Output all entries verbatim. Skip pictures.

◆ **Records for this task**:

--------------------

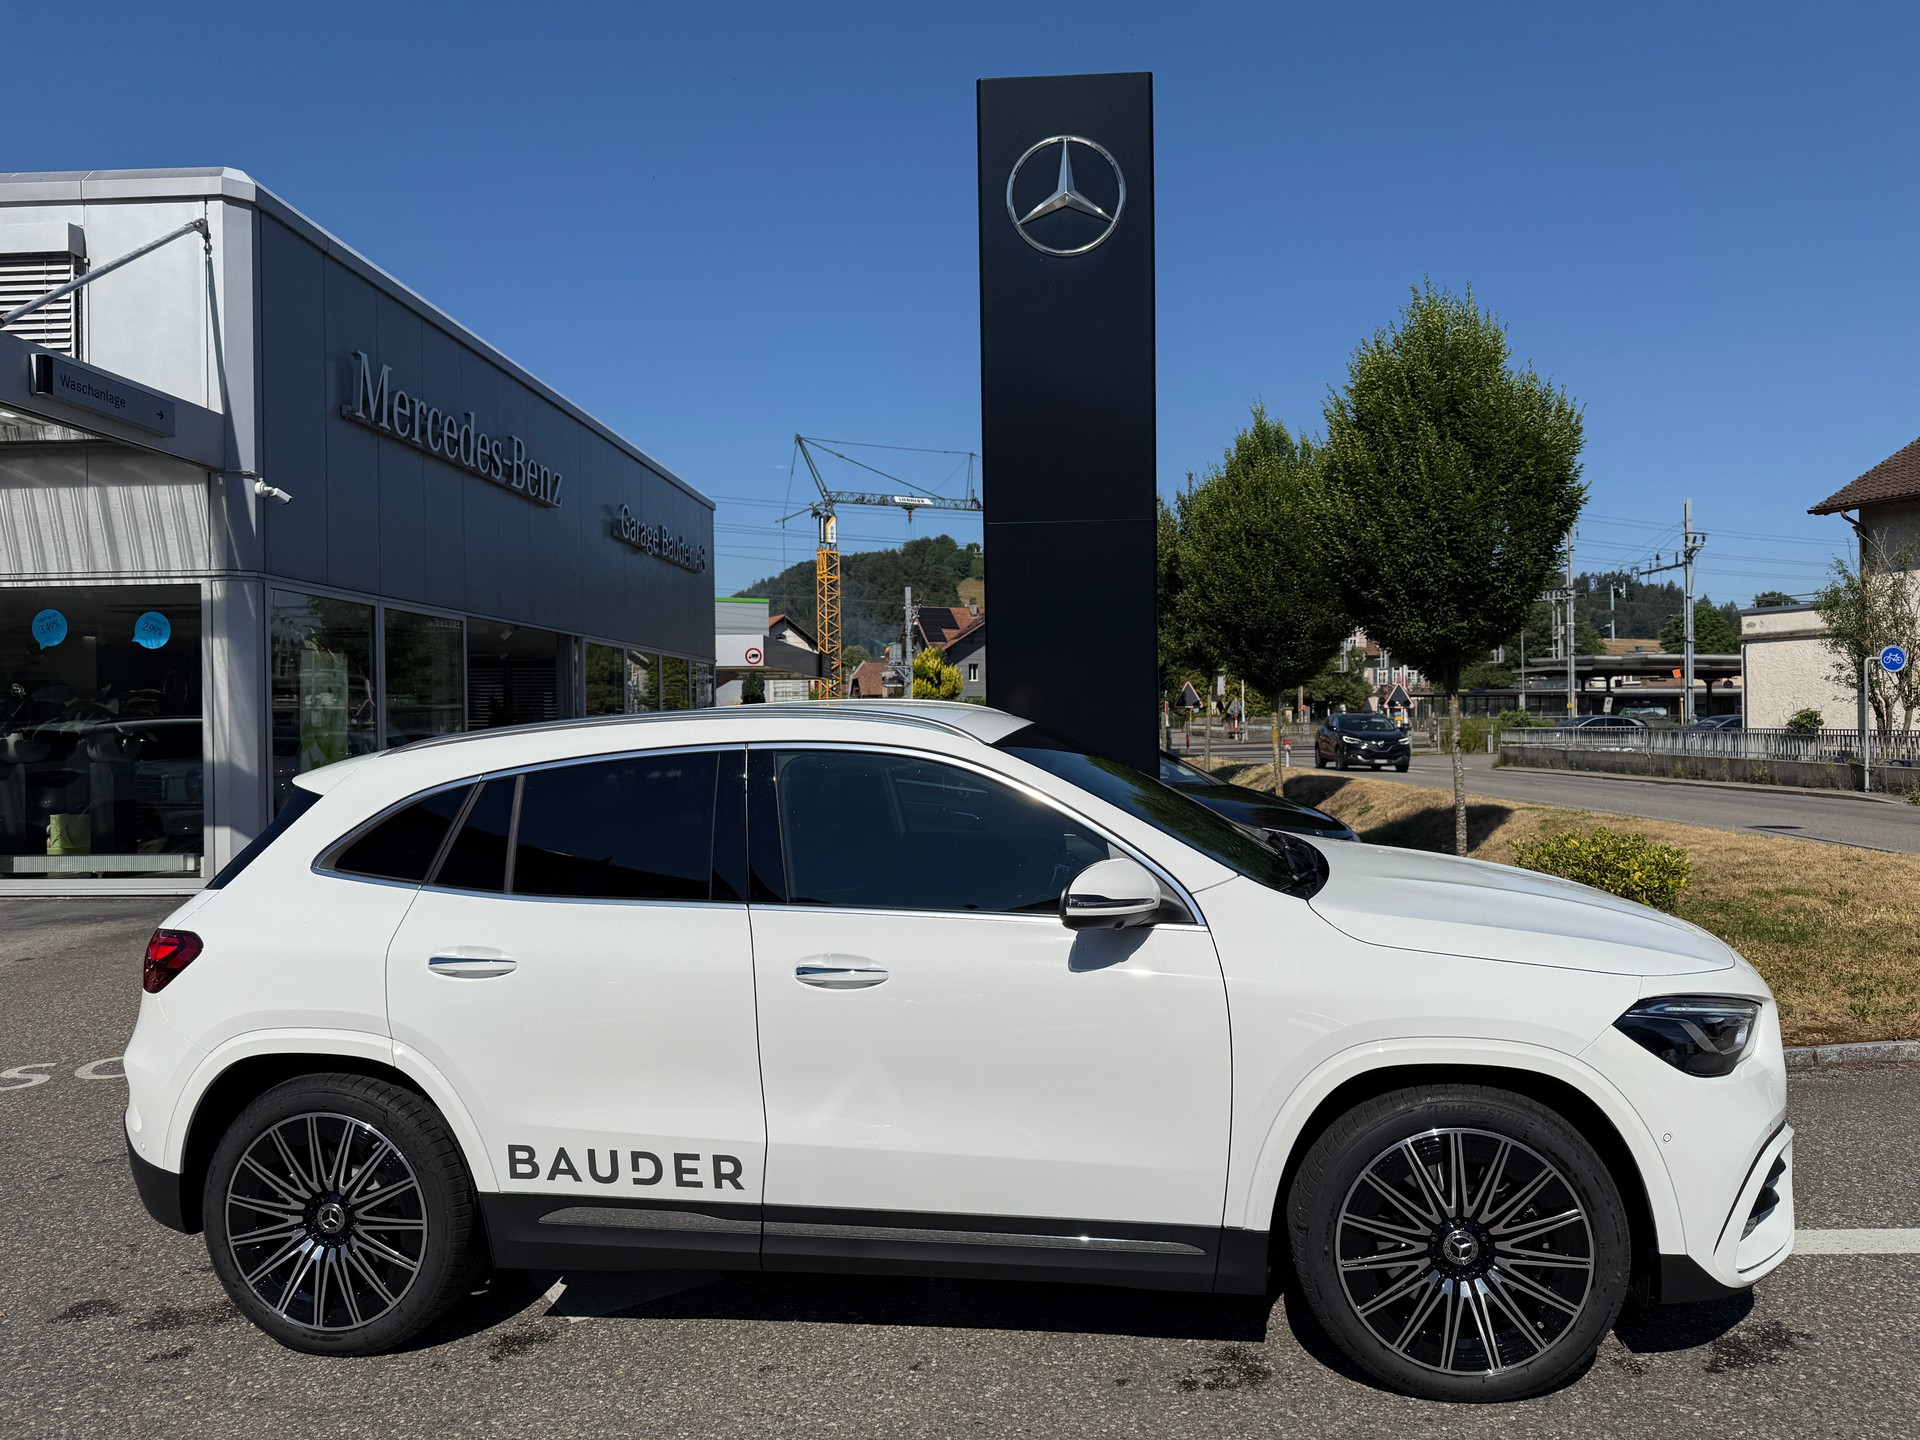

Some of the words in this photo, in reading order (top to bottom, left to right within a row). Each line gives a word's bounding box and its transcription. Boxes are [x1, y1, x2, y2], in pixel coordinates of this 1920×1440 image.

[60, 372, 126, 409] Waschanlage
[354, 349, 563, 508] Mercedes-Benz
[621, 504, 660, 556] Garage
[662, 525, 694, 569] Bauder
[1590, 578, 1596, 589] 5
[1632, 569, 1638, 581] 6
[507, 1144, 746, 1190] BAUDER
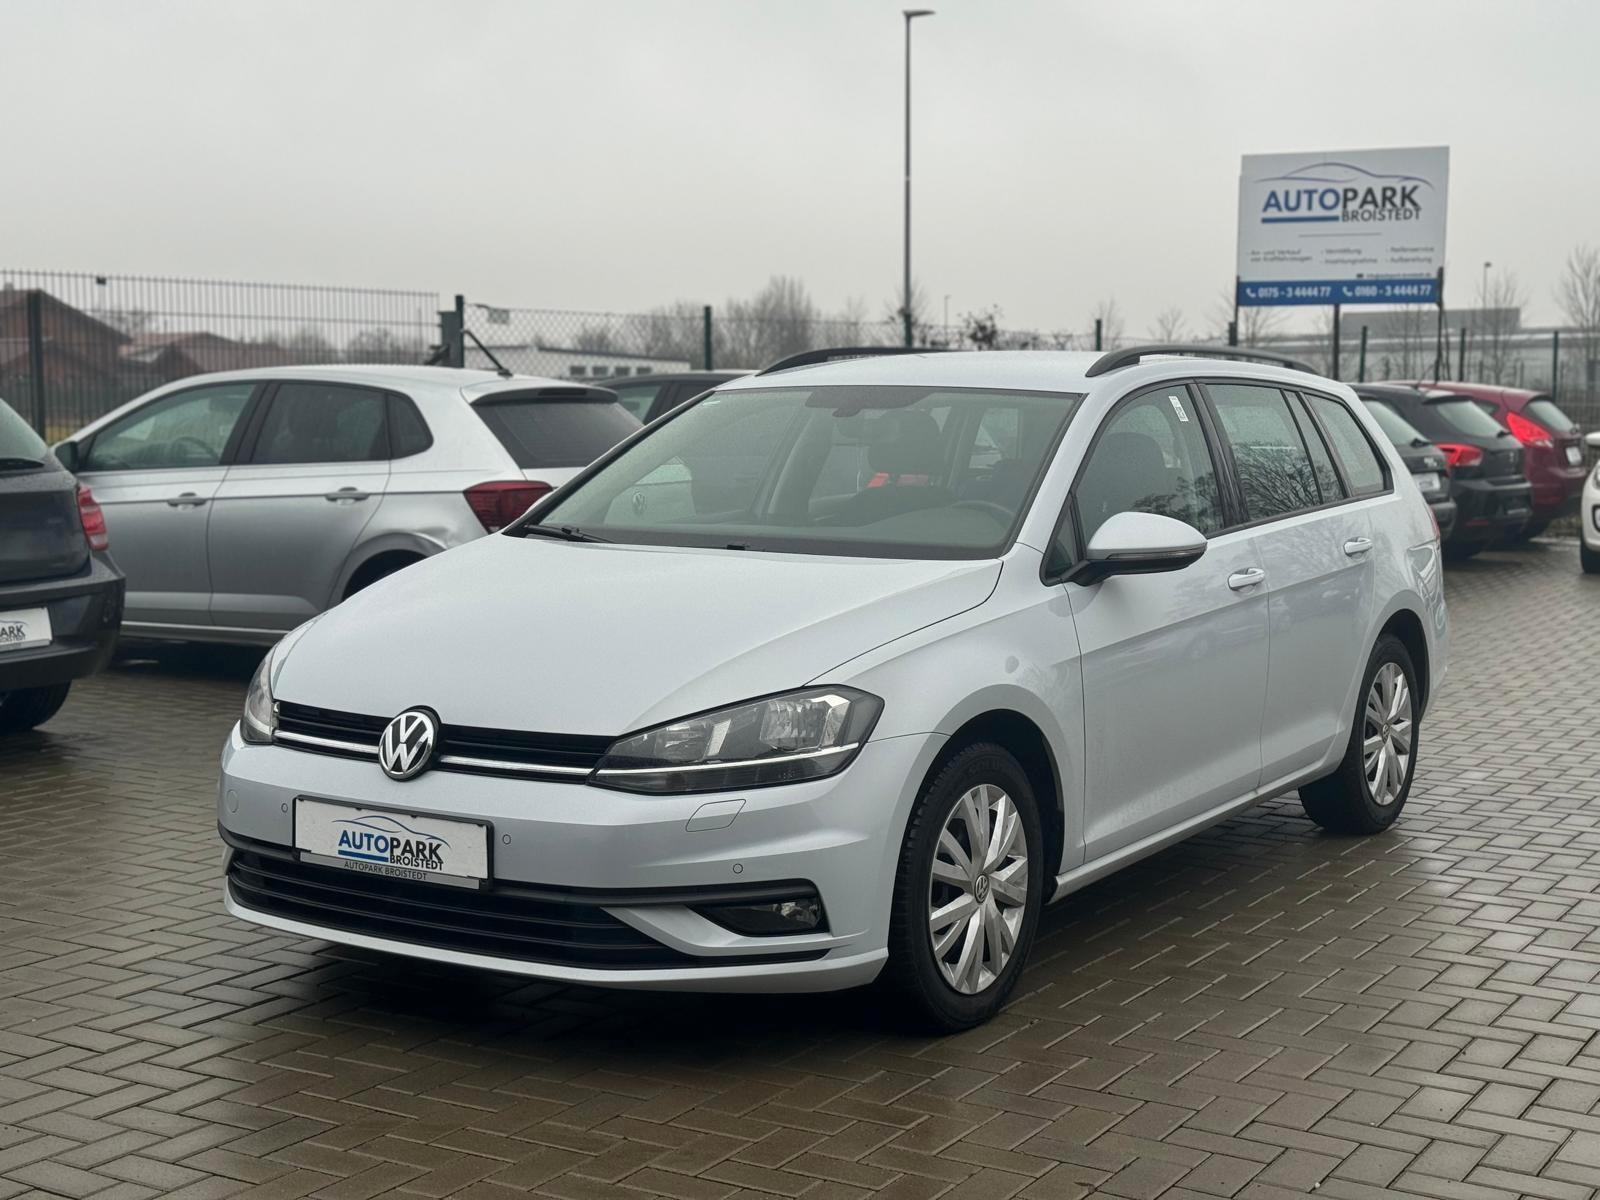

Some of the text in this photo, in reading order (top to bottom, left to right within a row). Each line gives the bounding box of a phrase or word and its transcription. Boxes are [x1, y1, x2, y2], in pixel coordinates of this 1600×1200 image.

[1262, 185, 1421, 213] AUTOPARK
[1342, 207, 1421, 222] BROISTEDT
[1258, 286, 1280, 298] 0175
[338, 830, 442, 861] AUTOPARK
[343, 861, 428, 881] AUTOPARK BROISTEDT
[389, 854, 443, 871] BROISTEDT

--------------------

◆ **Answer for the task**:
Some of the words in this photo, in reading order (top to bottom, left to right within a row). Each line gives a word's bounding box and its transcription. Boxes are [x1, y1, x2, y2], in pixel coordinates of this 1920×1440 image.

[60, 372, 126, 409] Waschanlage
[354, 349, 563, 508] Mercedes-Benz
[621, 504, 660, 556] Garage
[662, 525, 694, 569] Bauder
[1590, 578, 1596, 589] 5
[1632, 569, 1638, 581] 6
[507, 1144, 746, 1190] BAUDER

Some of the text in this photo, in reading order (top to bottom, left to right within a row). Each line gives the bounding box of a phrase or word and its transcription. Boxes are [x1, y1, x2, y2], in pixel coordinates of this 1600×1200 image.

[1262, 185, 1421, 213] AUTOPARK
[1342, 207, 1421, 222] BROISTEDT
[1258, 286, 1280, 298] 0175
[338, 830, 442, 861] AUTOPARK
[343, 861, 428, 881] AUTOPARK BROISTEDT
[389, 854, 443, 871] BROISTEDT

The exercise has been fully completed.